[Exercise goal] Repeat exactly, and only, the lines from the line containing "this 1200×1600 image." through the last line of the records below, including both.
++++
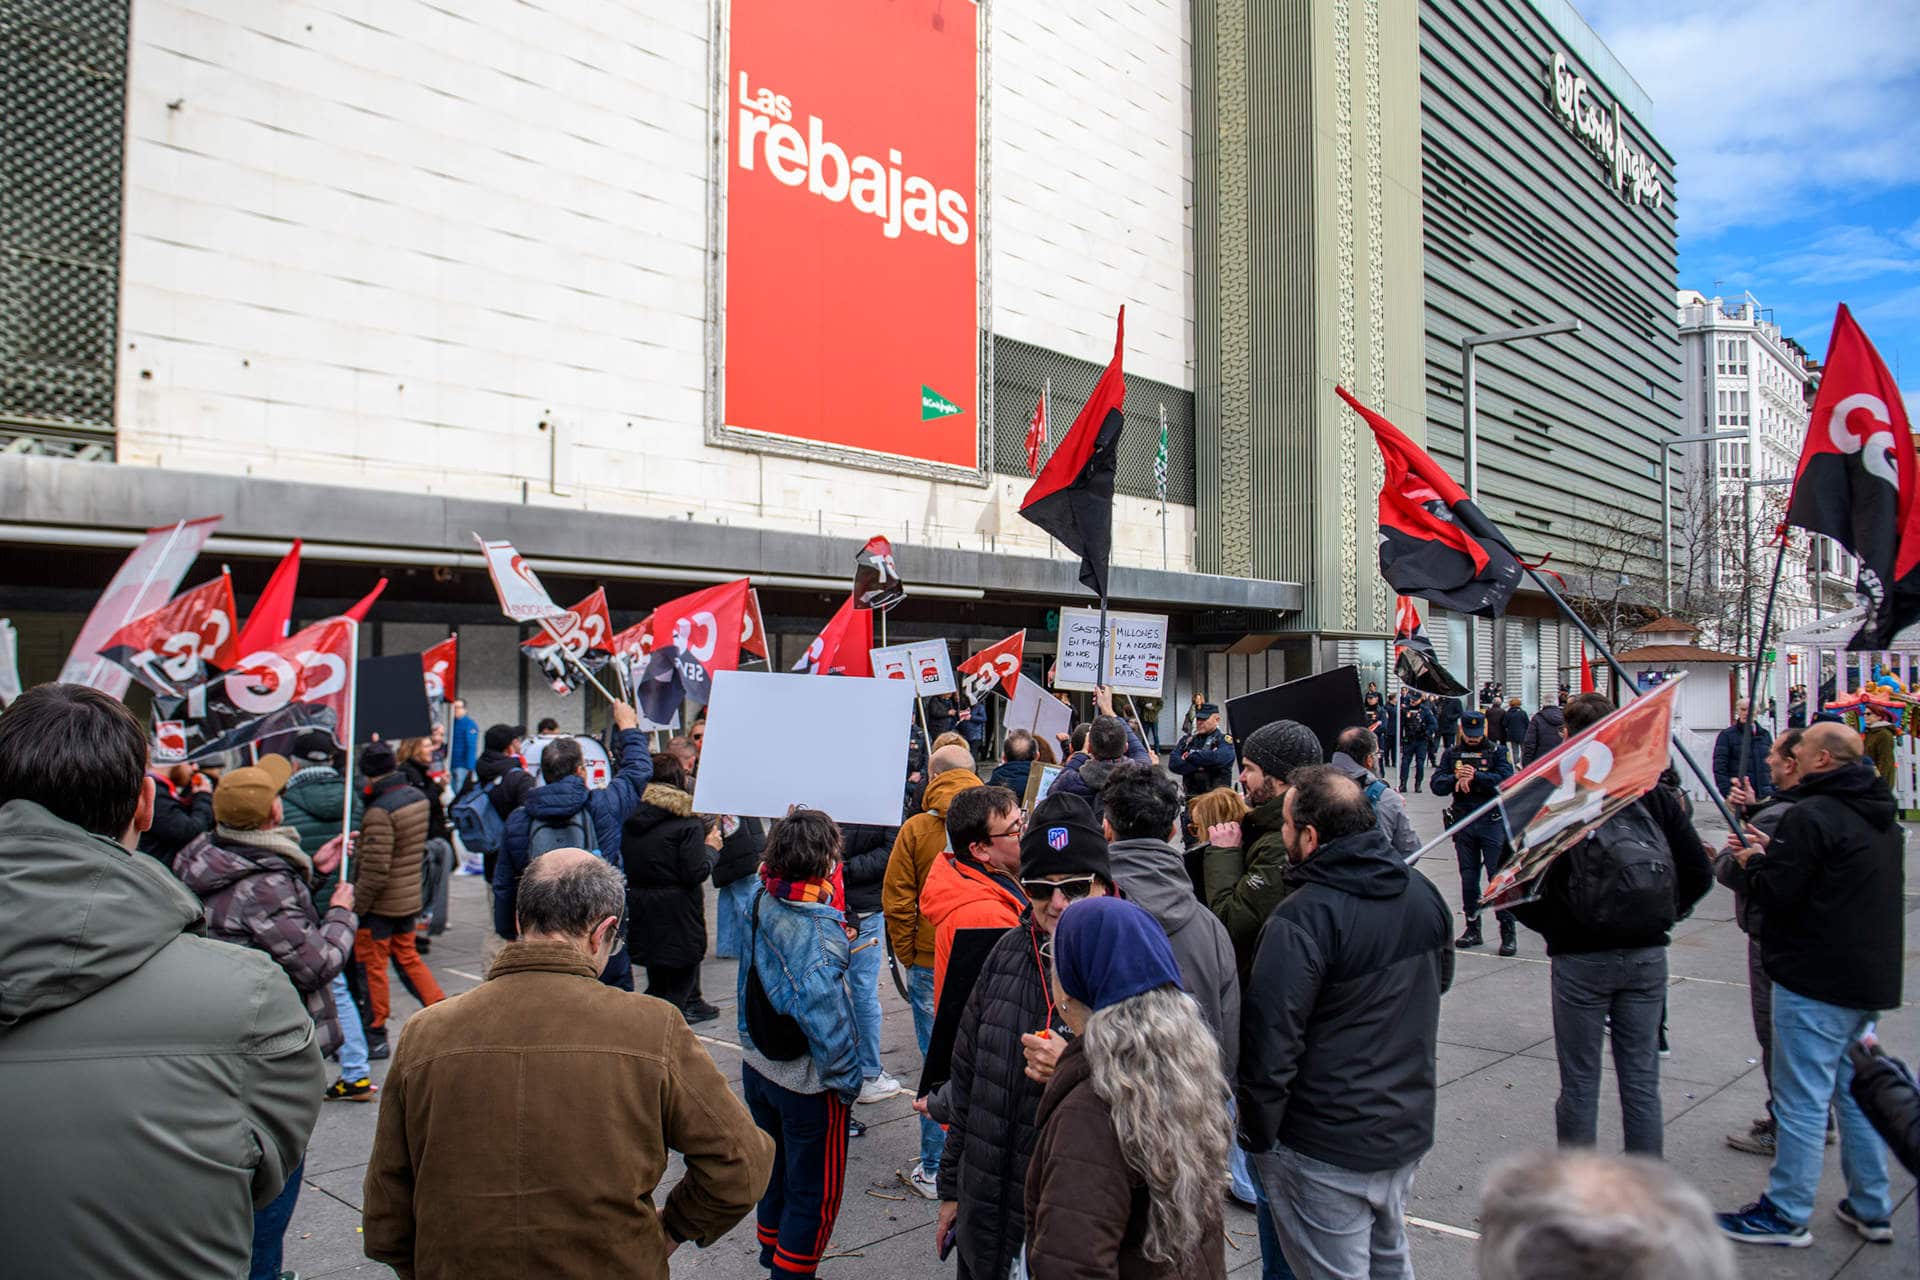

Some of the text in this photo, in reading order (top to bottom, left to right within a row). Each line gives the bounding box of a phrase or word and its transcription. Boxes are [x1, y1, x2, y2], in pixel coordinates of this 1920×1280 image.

[739, 70, 792, 122] Las
[738, 108, 969, 246] rebajas
[1116, 627, 1160, 639] MILLONES
[922, 674, 940, 684] CGT
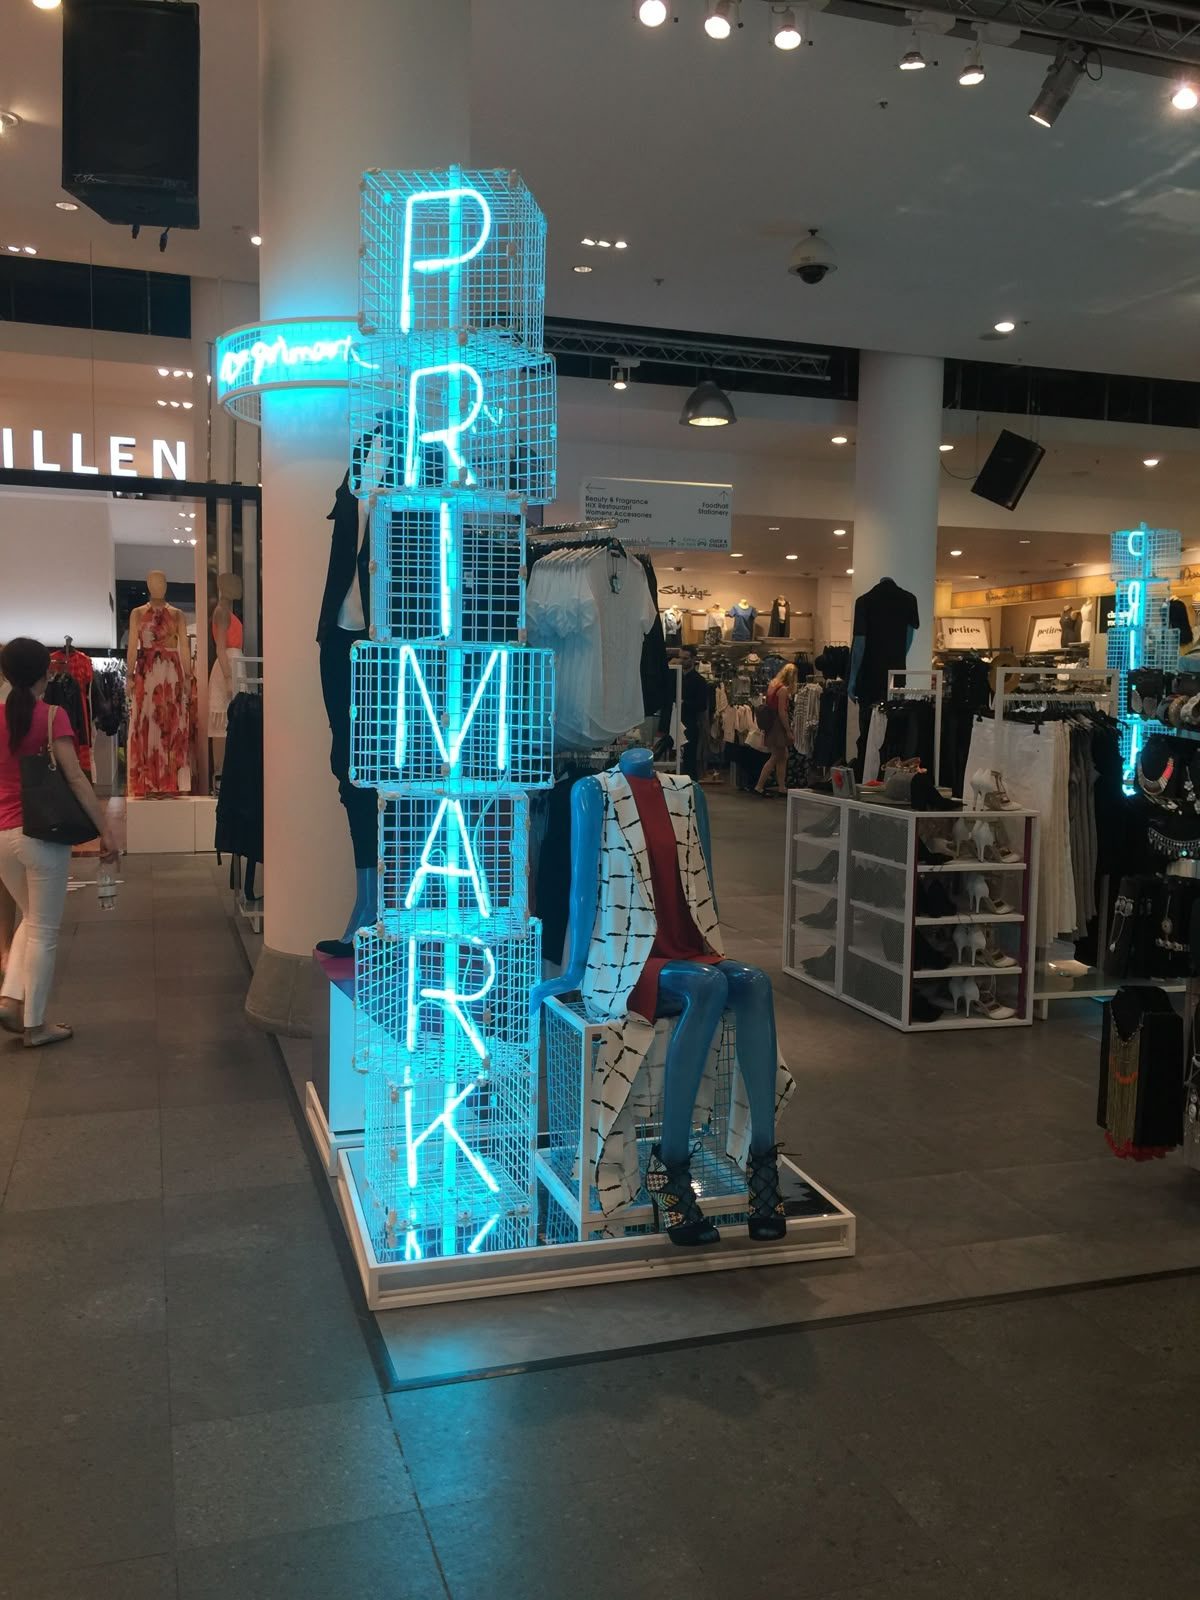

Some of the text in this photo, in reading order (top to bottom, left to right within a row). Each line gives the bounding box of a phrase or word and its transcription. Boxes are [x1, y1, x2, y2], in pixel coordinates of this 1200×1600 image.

[585, 495, 608, 503] Beauty
[615, 497, 649, 505] Fragrance
[598, 503, 632, 511] Restaurant
[614, 511, 652, 519] Accessories
[698, 508, 729, 517] Stationery
[948, 625, 981, 635] petites
++++
[Exercise answer]
Some of the text in this photo, in reading order (top to bottom, left to right within a row). Each line gives the bounding box of a phrase or word and its transcription. Boxes are [x1, y1, x2, y2], in pixel coordinates of this 1200×1600 image.

[585, 495, 608, 503] Beauty
[615, 497, 649, 505] Fragrance
[598, 503, 632, 511] Restaurant
[614, 511, 652, 519] Accessories
[698, 508, 729, 517] Stationery
[948, 625, 981, 635] petites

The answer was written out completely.